Ruth had long fingers. When she was alone, and I stopped on my way to work, she would grab the window frame of my truck and peer in; her lips parted as though a silly question was forming in her mind. Those lips were sharply cut and full. She held on to that window frame and talked about how humid the days were, how slow she was these days, how cumbersome and painful her movements had become. “I look like a giant pear,” she said. “I just don’t want anyone to look at me.” She said, “I can’t see my feet anymore.” More than once she furrowed her brow and asked me how I had burned my arms, what the scars meant. Each time she approached the open window, I offered her a ride into town and she declined most days. For the first time I could make out the shape below her dress below her dress. Ruth’s elbows were sharp, her knees protruding. Maybe I had wanted children even more than Pamela.

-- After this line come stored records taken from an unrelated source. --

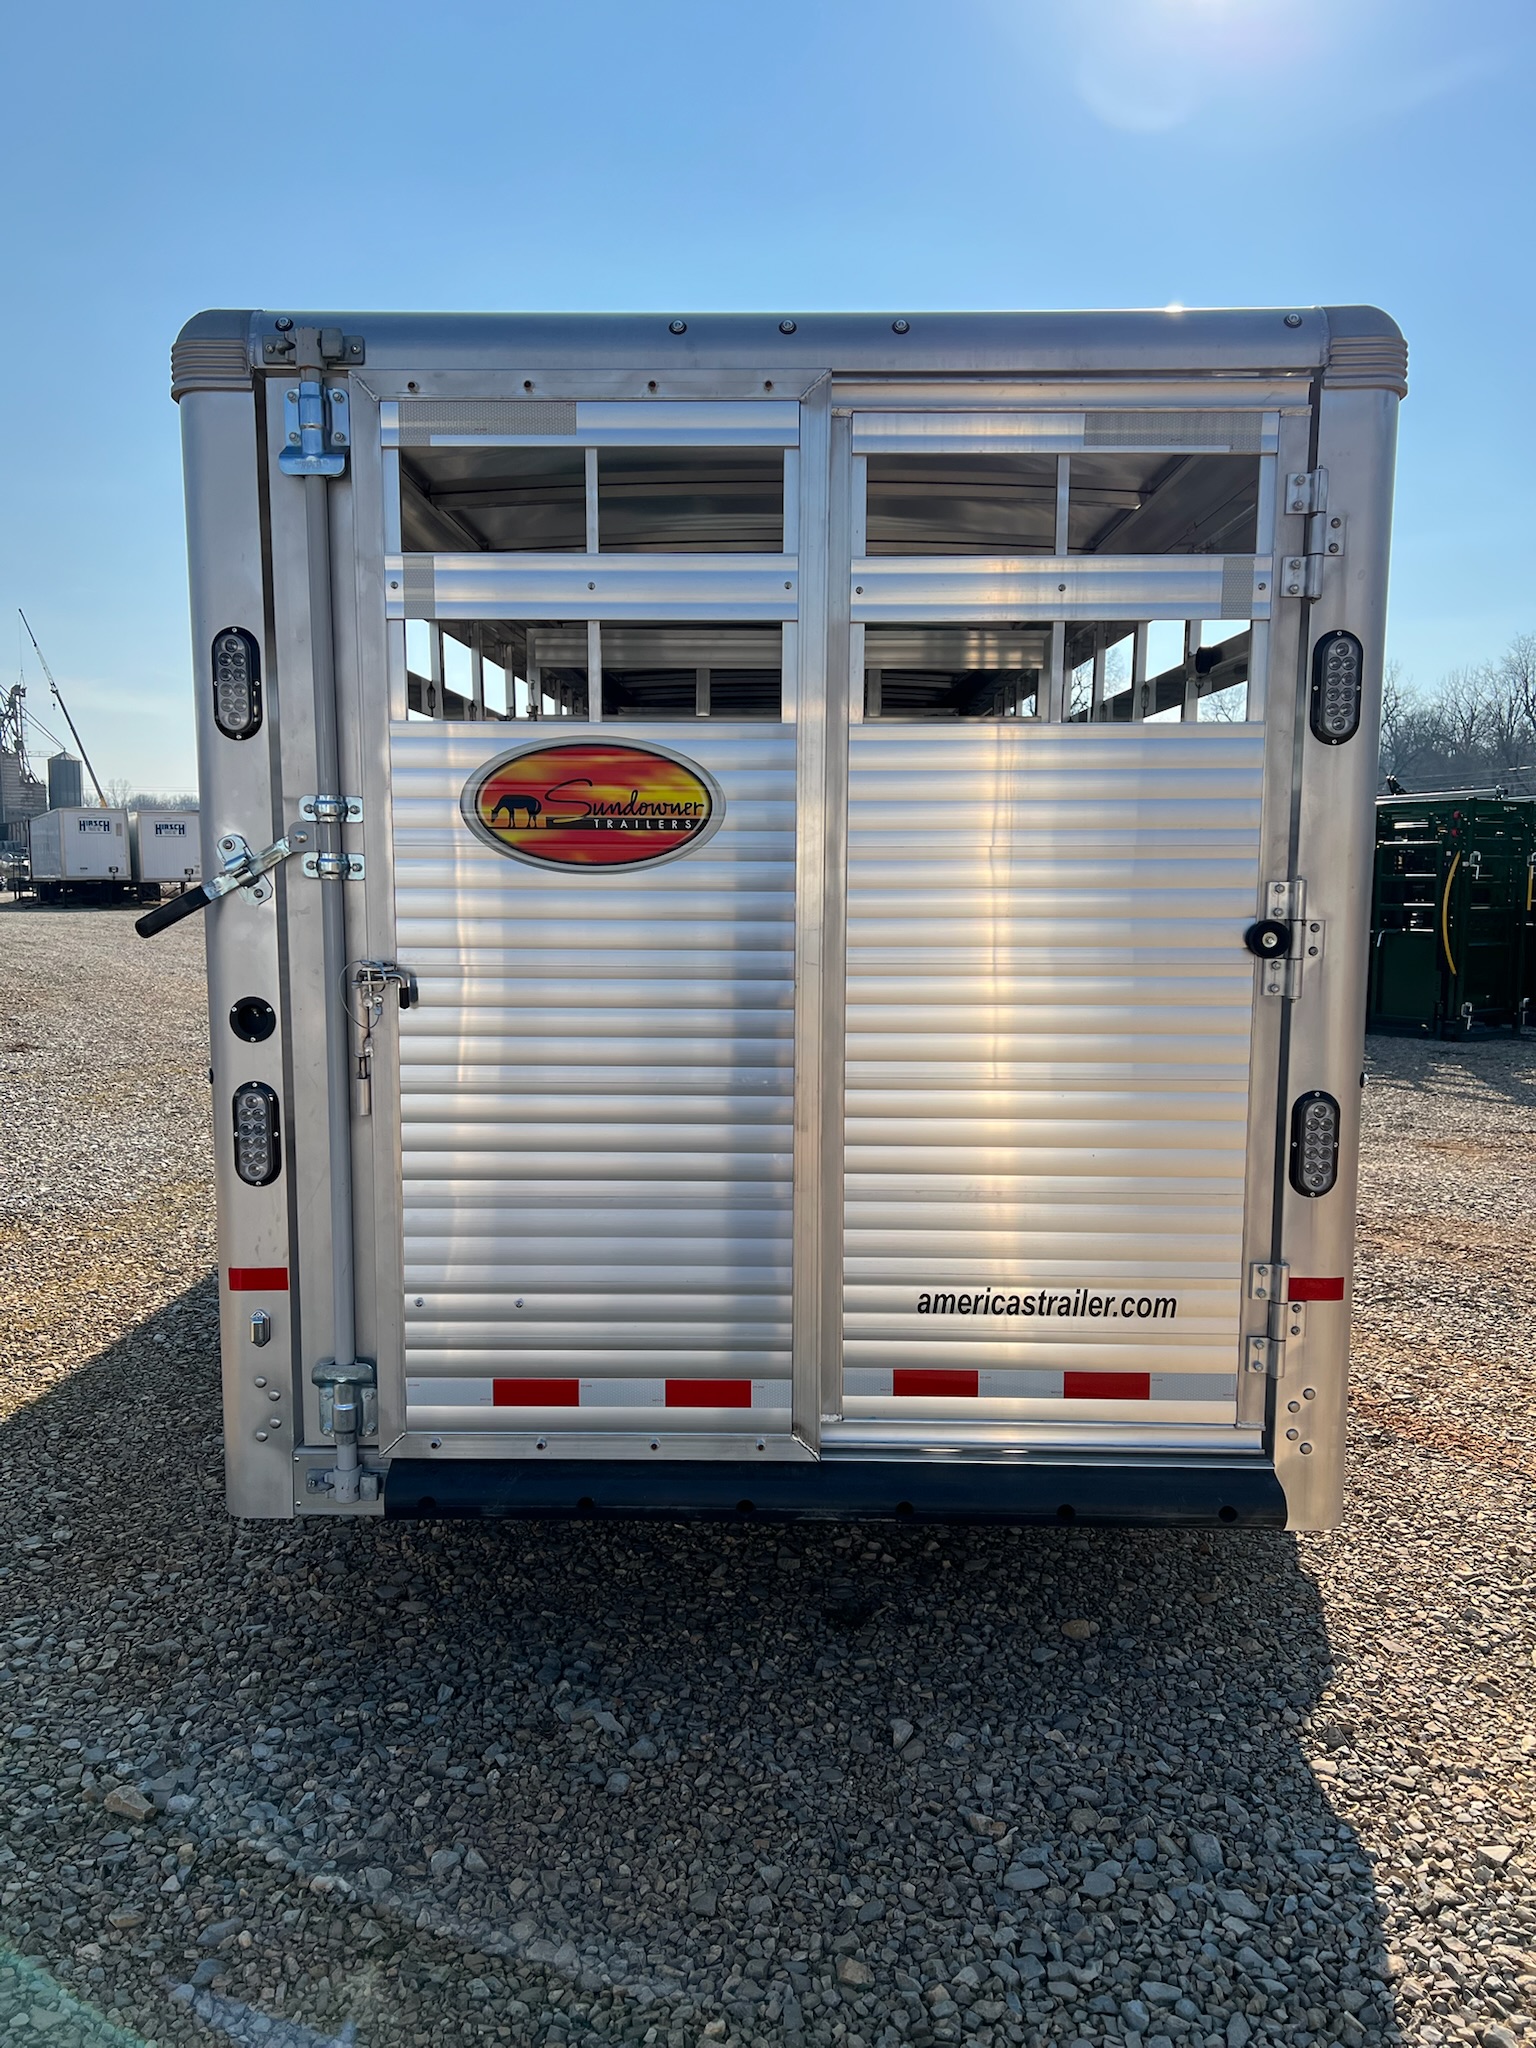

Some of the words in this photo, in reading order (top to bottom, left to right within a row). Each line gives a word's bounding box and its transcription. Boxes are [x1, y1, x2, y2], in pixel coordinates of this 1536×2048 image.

[544, 778, 705, 822] Sundowner
[79, 820, 110, 832] HIRSCH
[155, 823, 185, 835] HIRSCH
[593, 818, 692, 829] TRAILERS
[917, 1286, 1177, 1318] americastrailer.com

I had committed the mistake of a man who is too sure of himself and his place in the world. Maybe I lacked the imagination to anticipate the horrors of living past ‘Just Got Married.’ Our house on Mackinac Lane had five bedrooms, and when we painted the place, I mixed a light-green color and ordered a crib and big yellow stars to attach above it. It didn't matter to me, boy or girl. After I finished decorating, Pamela and I made love in that room, too, against the wall, the paint smell still overpowering, and she called me Daddy.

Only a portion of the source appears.